Kamis, 02 Oktober 2014

Kejadian yang Tak Kita Sadari



Tindakanku tak mampu menggapai tulisanku, tulisanku tak mampu menggapi kata-kataku, kata-kataku tak mampu menggapai pikiranku, pikaranku tak mampu menggapai perasaan ku. Dalam suatu waktu kita dapat melihat banyak tulisan, baik undangan, buku, koran maupun yang lainnya, namun tak semua tulisan yang ada dapat baca dalam suatu waktu secara bersamaan, maka haruslah ada yang dahulu nomor dua, tiga dan seterusnya, karena jika semuanya bersamaan mustahil hal itu terjadi dengan keterbatasan kita sebagai manusia. Tulisanku tak mampu menggapai kata-kataku, jelaslah ketika seorang yang sedang berbicara, maka tak mampulah orang lain yang mendengar mampu menuliskan semua yang dikatakan, karena keterbatasan kecepatan tangan manusia dalam menuliskan. Kata-kataku tak mampu menggapai pikiranku, dalam suatu waktu kita dapat berpikir banyak hal, namun untuk mengungkapkannya kita juga tak mungkin bersamaan ada yang lebih prioritas di antara semuanya. Begitupun dengan pikiran kita yang tak mampu menggapai perasaan kita yang berbagai macam. Perasaan yang bermacam-macam berkecamuk di dalam hati yang kemudian terolah dalam pikir.
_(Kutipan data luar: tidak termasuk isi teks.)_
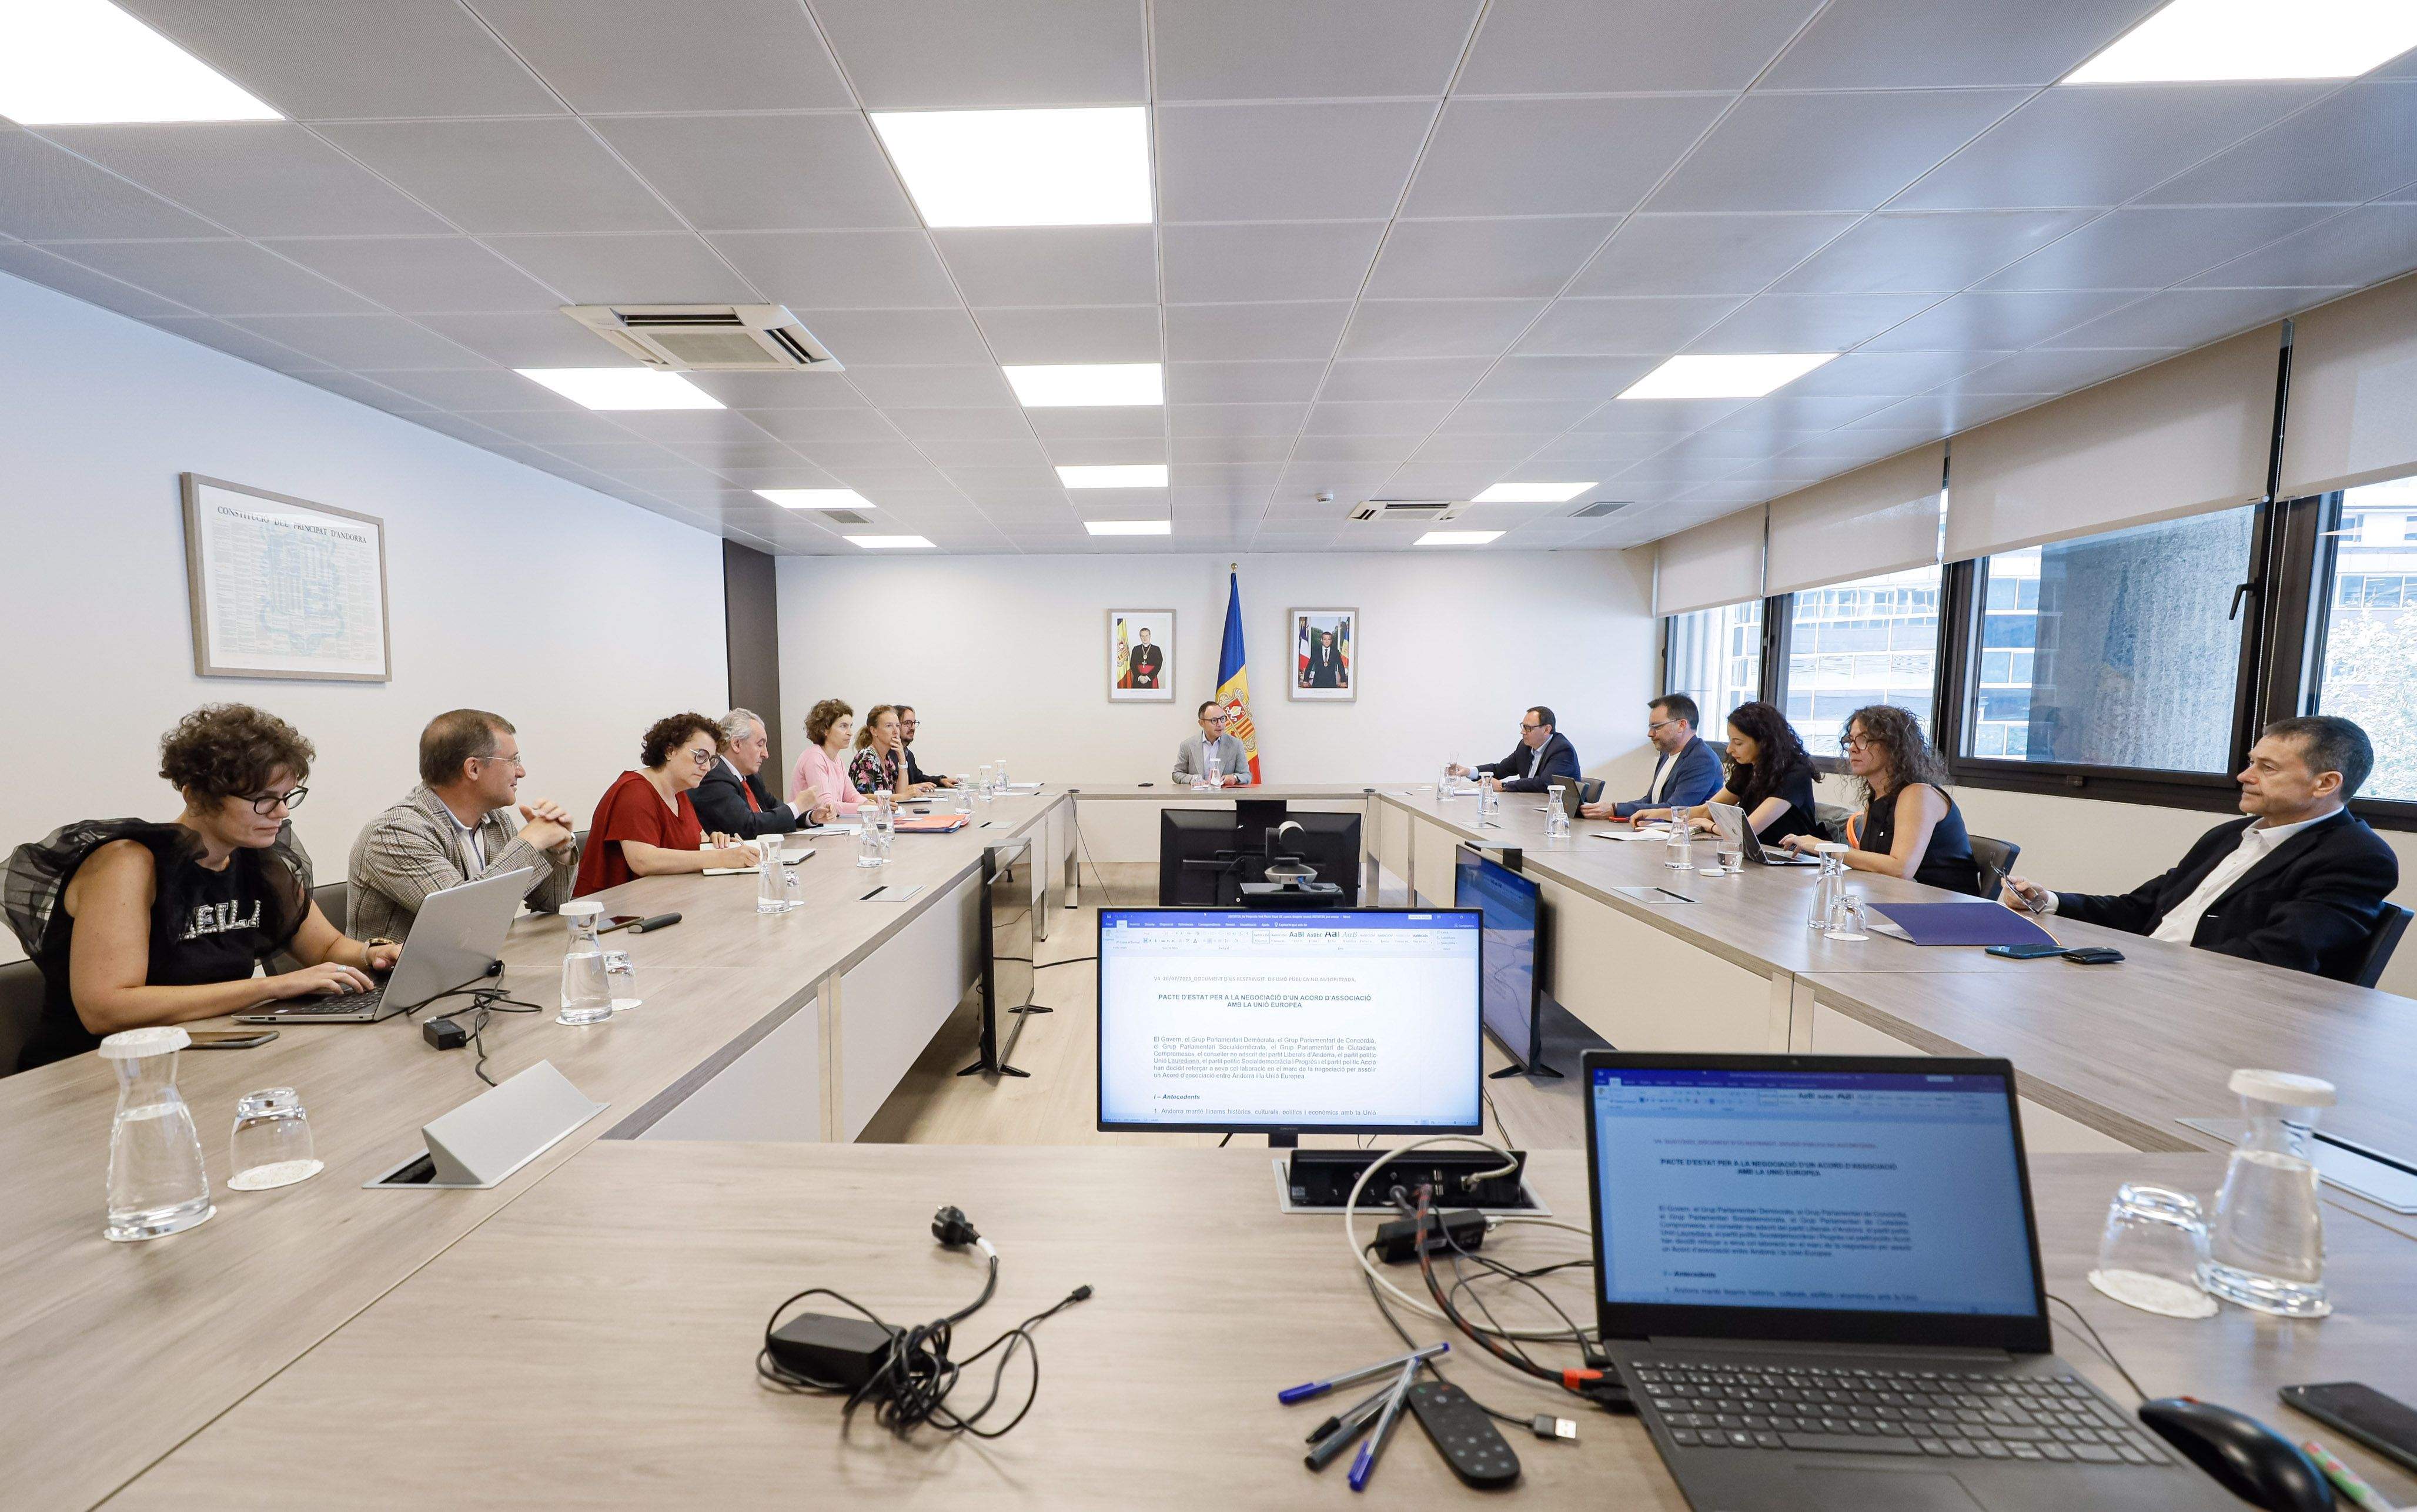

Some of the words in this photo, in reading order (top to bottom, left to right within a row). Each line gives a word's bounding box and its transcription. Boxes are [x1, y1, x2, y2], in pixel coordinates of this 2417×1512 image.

Semua keterbatasan bukanlah tanpa suatu alasan, keterbatasan yang dimiliki manusia sebagai subyek dalam ruang dan waktu merupakan ciri khusus dari dirinya, apa yang kita lakukan, apa yang kita kerjakan adalah perbuatan dan sikap kita, olah pikir kita dan itulah diri kita, maka itulah yang menjadi keunikan kita. Keterbatasan kita membuat kita berbeda dengan yang lain, jika semua nya sama, umum, maka apa yang membedakan kita dengan yang lain? Subhanallah, Allah telah menciptakan hamba-Nya yang bersuku suku dan berbangsa-bangsa ini dengan segala ciri khas kita. Maka patutlah kita syukuri dengan semua yang ada, Syukur Ikhlas Sabar, maka akan menjadikan kita lebih baik, Fabiayyi Aalai robbikuuma tukadzibaan(maka nikmat Tuhan-Mu yang manakan yang kamu dustakan?) semoga kita selalu berada dalam jalan yang di ridhoi Allah SWT.